Data formatted and saved to formatted_data.json

The program will print a file called formatted_data.json containing the formatted textual data in the JSON format.

Tools for Data Preprocessing

Data cleaning, tokenization, and formatting tools are meant for Llama. The group of most common tools is found using Python libraries, text-processing frameworks, and commands. Here is a list of some of the widely applied tools in Llama data preparation.

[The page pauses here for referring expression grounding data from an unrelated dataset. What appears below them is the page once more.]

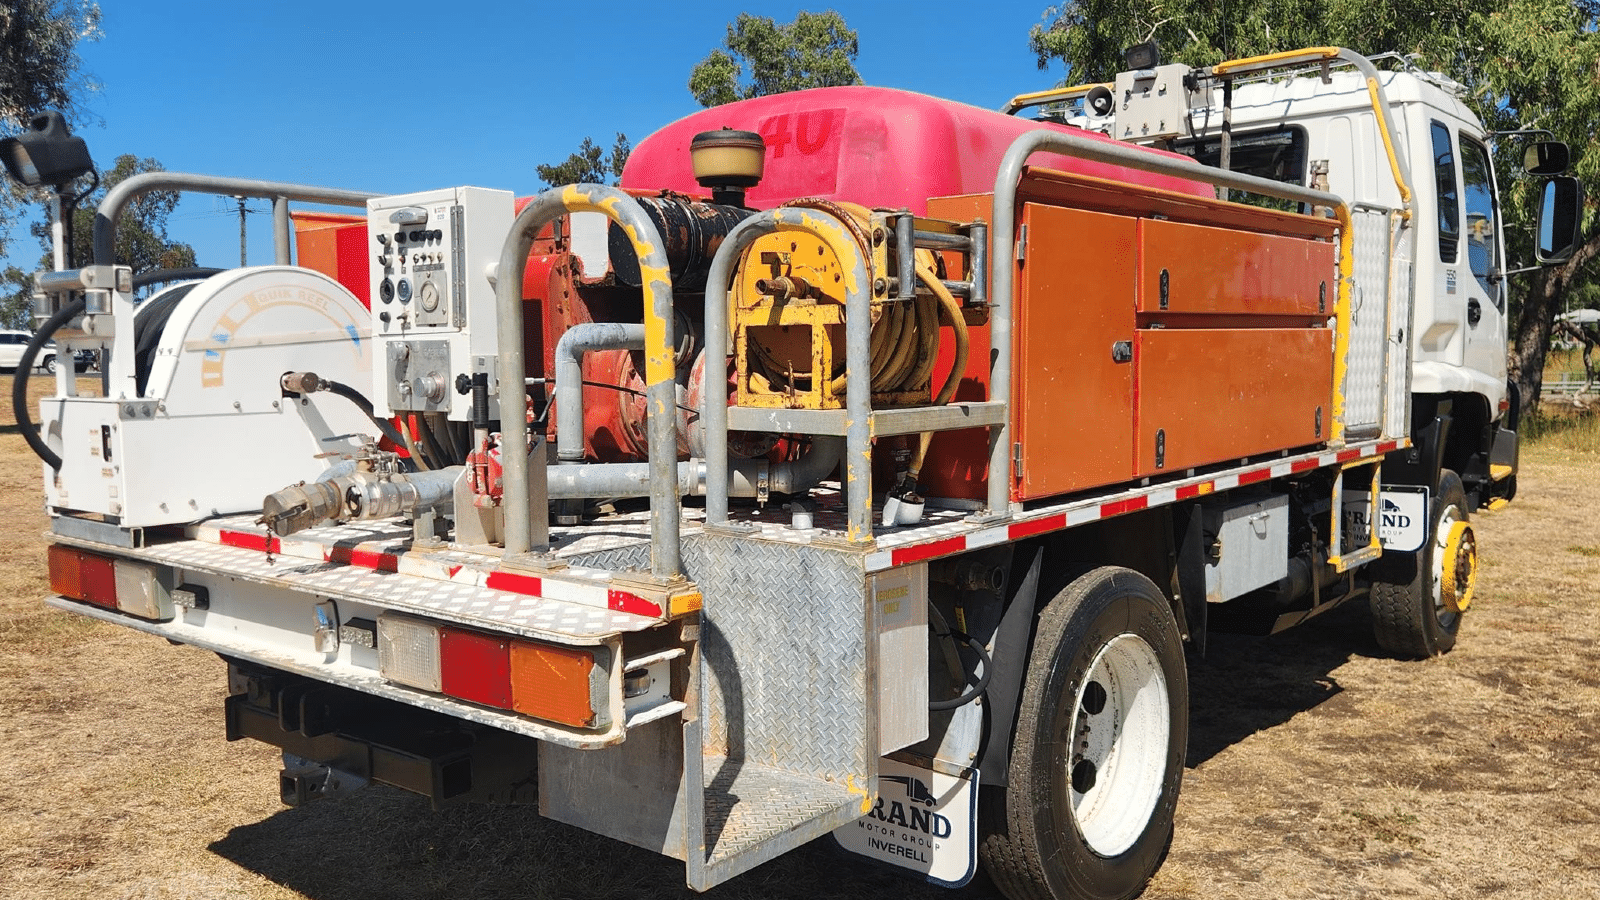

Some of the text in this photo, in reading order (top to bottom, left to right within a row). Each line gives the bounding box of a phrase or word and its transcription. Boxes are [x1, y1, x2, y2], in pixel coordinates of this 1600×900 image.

[297, 290, 328, 311] REEL
[1348, 511, 1411, 528] RND
[884, 601, 900, 615] ONLY
[867, 795, 952, 840] RAND
[858, 820, 941, 852] MOTOR GROUP
[868, 836, 928, 864] INVERELL
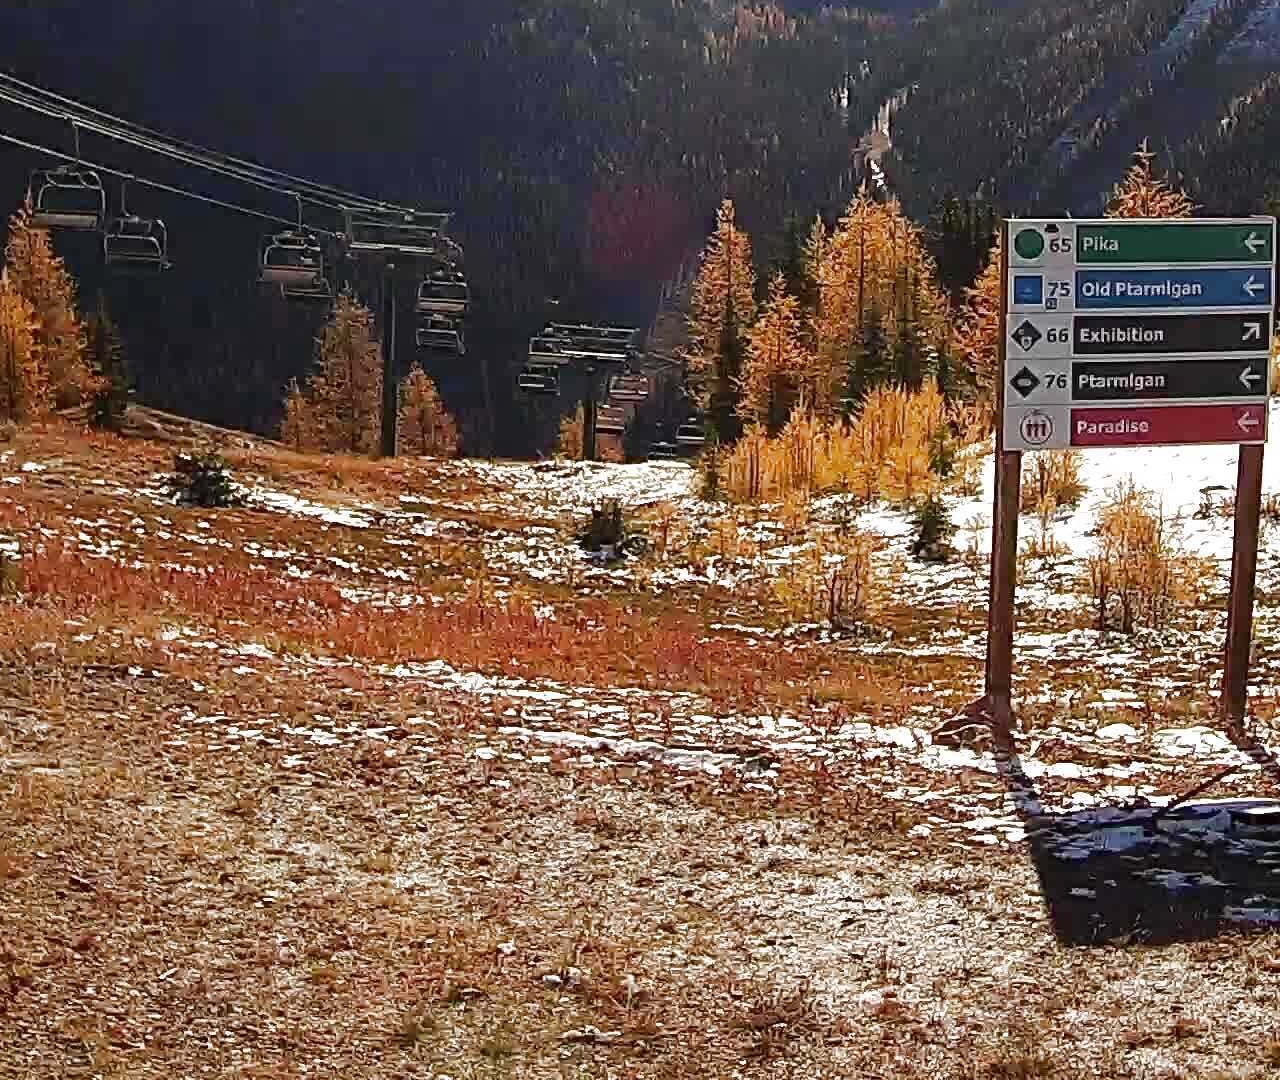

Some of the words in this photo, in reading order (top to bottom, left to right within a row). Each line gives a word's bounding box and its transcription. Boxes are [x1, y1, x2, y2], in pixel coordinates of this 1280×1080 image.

[1049, 238, 1072, 253] 65
[1082, 236, 1119, 252] Pika
[1047, 281, 1070, 297] 75
[1082, 282, 1111, 297] Old
[1115, 281, 1202, 298] Ptarmigan
[1046, 328, 1069, 343] 66
[1079, 326, 1164, 342] Exhibition
[1045, 374, 1067, 389] 76
[1078, 372, 1165, 391] Ptarmigan
[1076, 420, 1149, 435] Paradise

1. NLTK (Natural Language Toolkit)

The most well-known library for natural language processing is identified as NLTK. The functionalities supported by this library include cleaning, tokenization, and stemming of the text data.

Example: Stopword Removal using NLTK

import nltk
from nltk.corpus import stopwords
nltk.download('punkt')
nltk.download('stopwords')

# Test Data
text = "This is a simple sentence with stopwords."
 
# Tokenization
words = nltk.word_tokenize(text)

# Stopwords
stop_words = set(stopwords.words('english'))

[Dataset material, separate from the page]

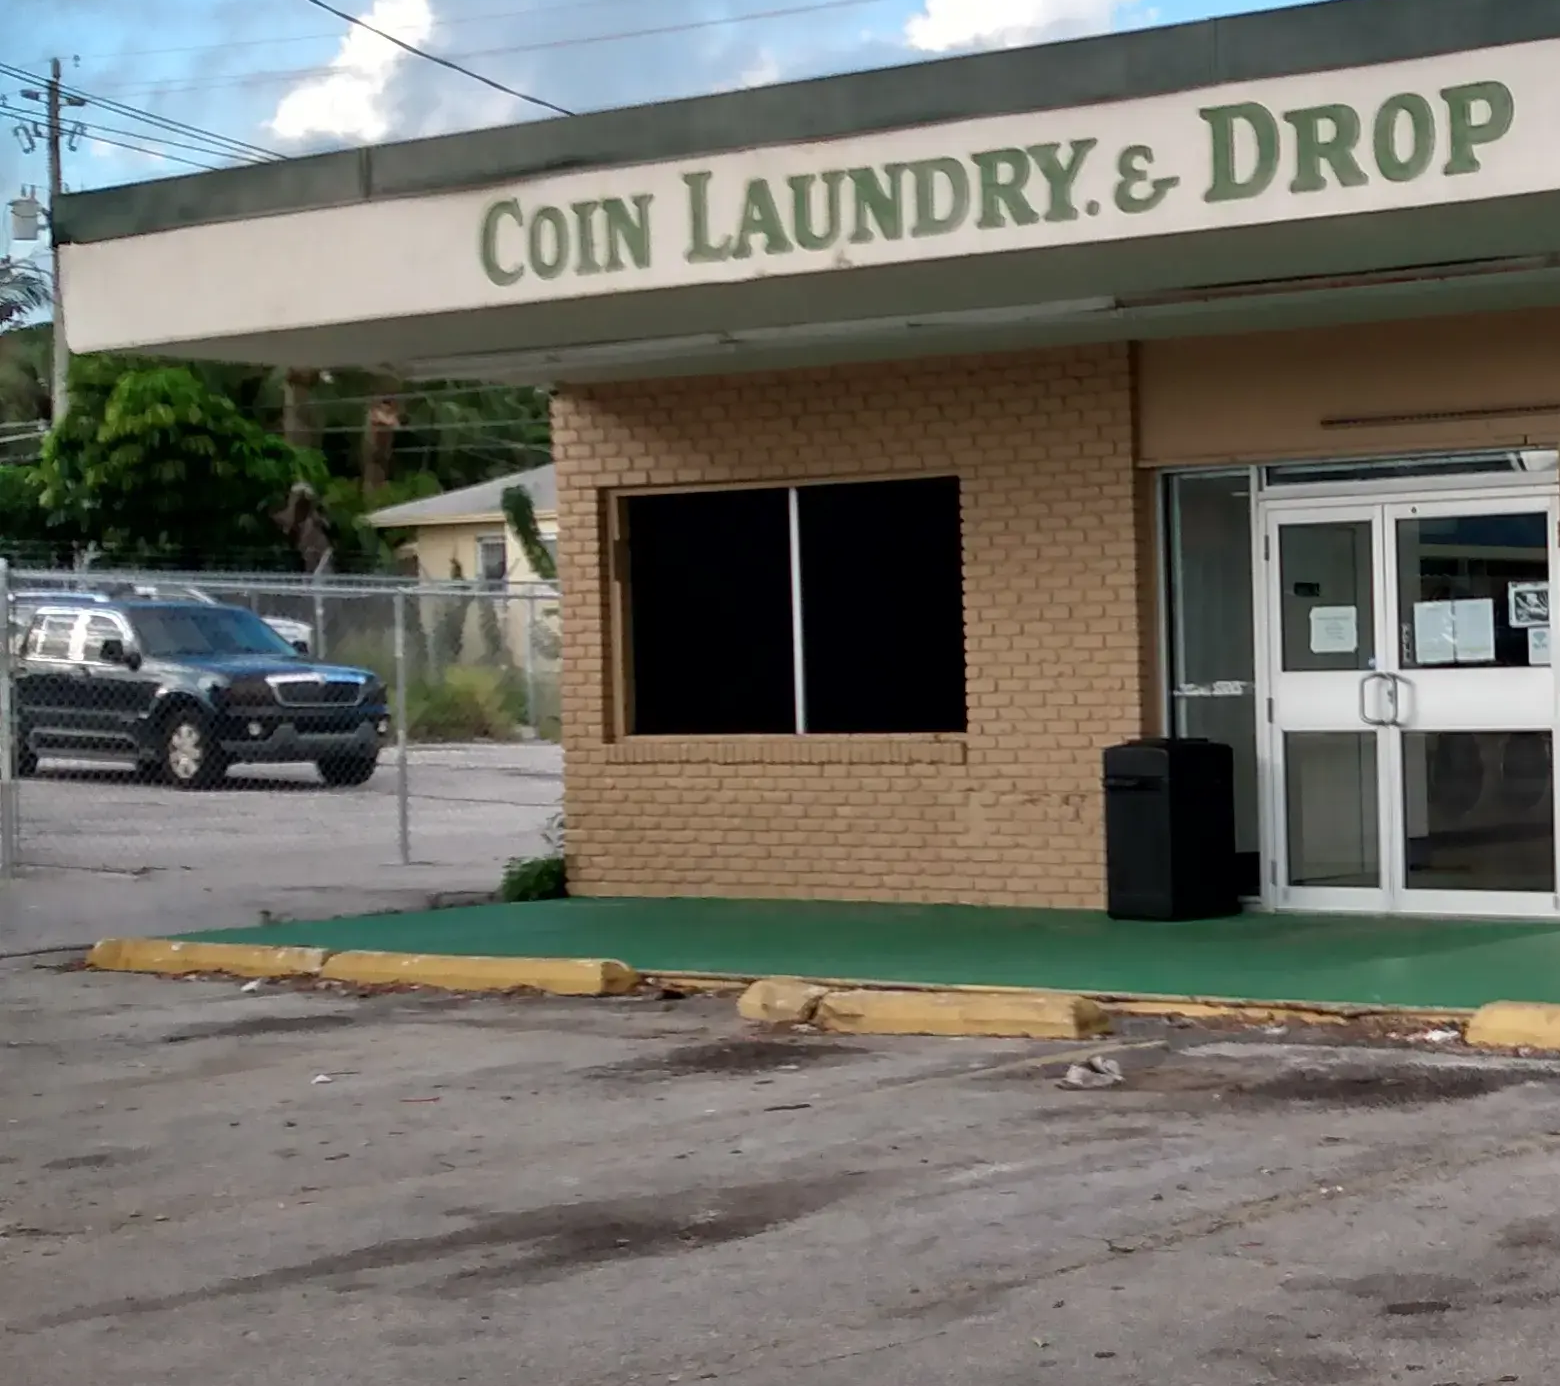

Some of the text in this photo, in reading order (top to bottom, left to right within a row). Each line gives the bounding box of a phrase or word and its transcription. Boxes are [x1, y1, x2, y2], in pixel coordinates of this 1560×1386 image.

[480, 193, 655, 287] COIN
[1113, 144, 1181, 214] &
[1198, 79, 1515, 203] DROP

filtered_text = [w for w in words if not w.lower() in stop_words] # This line is added to filter the words and assign to the variable
print("Original Text:", text)
print("Filtered Text:", filtered_text)

Output

Original Text: This is a simple sentence with stopwords.
Filtered Text: ['simple', 'sentence', 'stopwords', '.']

2. spaCy

Another high-level library designed for data preprocessing. It is also fast, efficient, and built for real-world usage applications in NLP tasks.

Example: Using spaCy for Tokenization

import spacy

# Load spaCy model
nlp = spacy.load("en_core_web_sm")

# Sample sentence
text = "Llama is an innovative language model."

# Process the text
doc = nlp(text)

# Tokenize
tokens = [token.text for token in doc]

print("Tokens:", tokens)

Output

Tokens: ['Llama', 'is', 'an', 'innovative', 'language', 'model', '.']

3. Hugging Face Tokenizers

Hugging Face provides some high-performance tokenizers that are mostly used while training language models, not Llama itself.

Example: Using Hugging Face Tokenizer

from transformers import AutoTokenizer
token = "your_token"
# Sample sentence
text = "Llama is an innovative language model."

#Load Llama tokenizer
tokenizer = AutoTokenizer.from_pretrained('meta-llama/Llama-2-7b-hf', token=token)

#Tokenize
encoded_input = tokenizer(text)
print("Original Text:", text)
print("Tokenized Output:", encoded_input)

Output

Original Text: Llama is an innovative language model.
Tokenized Output: {'input_ids': [1, 365, 29880, 3304, 338, 385, 24233, 1230, 4086, 1904, 29889], 
   'attention_mask': [1, 1, 1, 1, 1, 1, 1, 1, 1, 1, 1]}

4. Pandas for Data Formatting

Use when you are working with structured data. You can format your data with Pandas as CSV or JSON before passing it to Llama.

import pandas as pd

# Data structure
data = {
"id": "1",
"text": "Llama is a powerful language model for AI research."
}

# Create DataFrame with an explicit index
df = pd.DataFrame([data], index=[0]) # Creating a list of dictionary and passing an index [0]

# Save DataFrame to CSV
df.to_csv('formatted_data.csv', index=False)

print("Data saved to formatted_data.csv")

Output

Data saved to formatted_data.csv

The formatted text data will be found in the CSV file formatted_data.csv.